──────── Information shown
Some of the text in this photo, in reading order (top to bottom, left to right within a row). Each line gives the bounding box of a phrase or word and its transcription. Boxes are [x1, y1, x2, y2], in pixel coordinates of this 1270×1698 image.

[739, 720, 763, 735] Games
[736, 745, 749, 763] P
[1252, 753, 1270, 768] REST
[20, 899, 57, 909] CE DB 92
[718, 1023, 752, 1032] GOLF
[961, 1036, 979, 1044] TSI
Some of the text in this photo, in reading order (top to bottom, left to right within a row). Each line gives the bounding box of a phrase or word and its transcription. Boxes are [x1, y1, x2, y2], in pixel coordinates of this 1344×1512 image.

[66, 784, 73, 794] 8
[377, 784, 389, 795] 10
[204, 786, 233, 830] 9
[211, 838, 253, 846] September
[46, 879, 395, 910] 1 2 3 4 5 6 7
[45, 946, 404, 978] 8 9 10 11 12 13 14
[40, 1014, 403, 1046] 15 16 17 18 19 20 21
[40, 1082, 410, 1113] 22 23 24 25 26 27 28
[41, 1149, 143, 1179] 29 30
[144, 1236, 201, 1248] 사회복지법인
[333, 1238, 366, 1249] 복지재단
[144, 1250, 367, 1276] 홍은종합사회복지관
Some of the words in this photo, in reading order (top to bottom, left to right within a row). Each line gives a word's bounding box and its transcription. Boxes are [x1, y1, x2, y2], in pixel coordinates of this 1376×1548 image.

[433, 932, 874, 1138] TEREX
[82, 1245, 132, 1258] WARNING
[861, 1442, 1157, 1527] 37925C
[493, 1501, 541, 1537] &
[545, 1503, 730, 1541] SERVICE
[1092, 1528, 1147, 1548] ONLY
────────────────
▶ [Work task]: Nothing in the entries above may be left out; retype them all exactly.

▶ [Response to this exercise]:
Some of the text in this photo, in reading order (top to bottom, left to right within a row). Each line gives the bounding box of a phrase or word and its transcription. Boxes are [x1, y1, x2, y2], in pixel coordinates of this 1270×1698 image.

[739, 720, 763, 735] Games
[736, 745, 749, 763] P
[1252, 753, 1270, 768] REST
[20, 899, 57, 909] CE DB 92
[718, 1023, 752, 1032] GOLF
[961, 1036, 979, 1044] TSI
Some of the text in this photo, in reading order (top to bottom, left to right within a row). Each line gives the bounding box of a phrase or word and its transcription. Boxes are [x1, y1, x2, y2], in pixel coordinates of this 1344×1512 image.

[66, 784, 73, 794] 8
[377, 784, 389, 795] 10
[204, 786, 233, 830] 9
[211, 838, 253, 846] September
[46, 879, 395, 910] 1 2 3 4 5 6 7
[45, 946, 404, 978] 8 9 10 11 12 13 14
[40, 1014, 403, 1046] 15 16 17 18 19 20 21
[40, 1082, 410, 1113] 22 23 24 25 26 27 28
[41, 1149, 143, 1179] 29 30
[144, 1236, 201, 1248] 사회복지법인
[333, 1238, 366, 1249] 복지재단
[144, 1250, 367, 1276] 홍은종합사회복지관
Some of the words in this photo, in reading order (top to bottom, left to right within a row). Each line gives a word's bounding box and its transcription. Boxes are [x1, y1, x2, y2], in pixel coordinates of this 1376×1548 image.

[433, 932, 874, 1138] TEREX
[82, 1245, 132, 1258] WARNING
[861, 1442, 1157, 1527] 37925C
[493, 1501, 541, 1537] &
[545, 1503, 730, 1541] SERVICE
[1092, 1528, 1147, 1548] ONLY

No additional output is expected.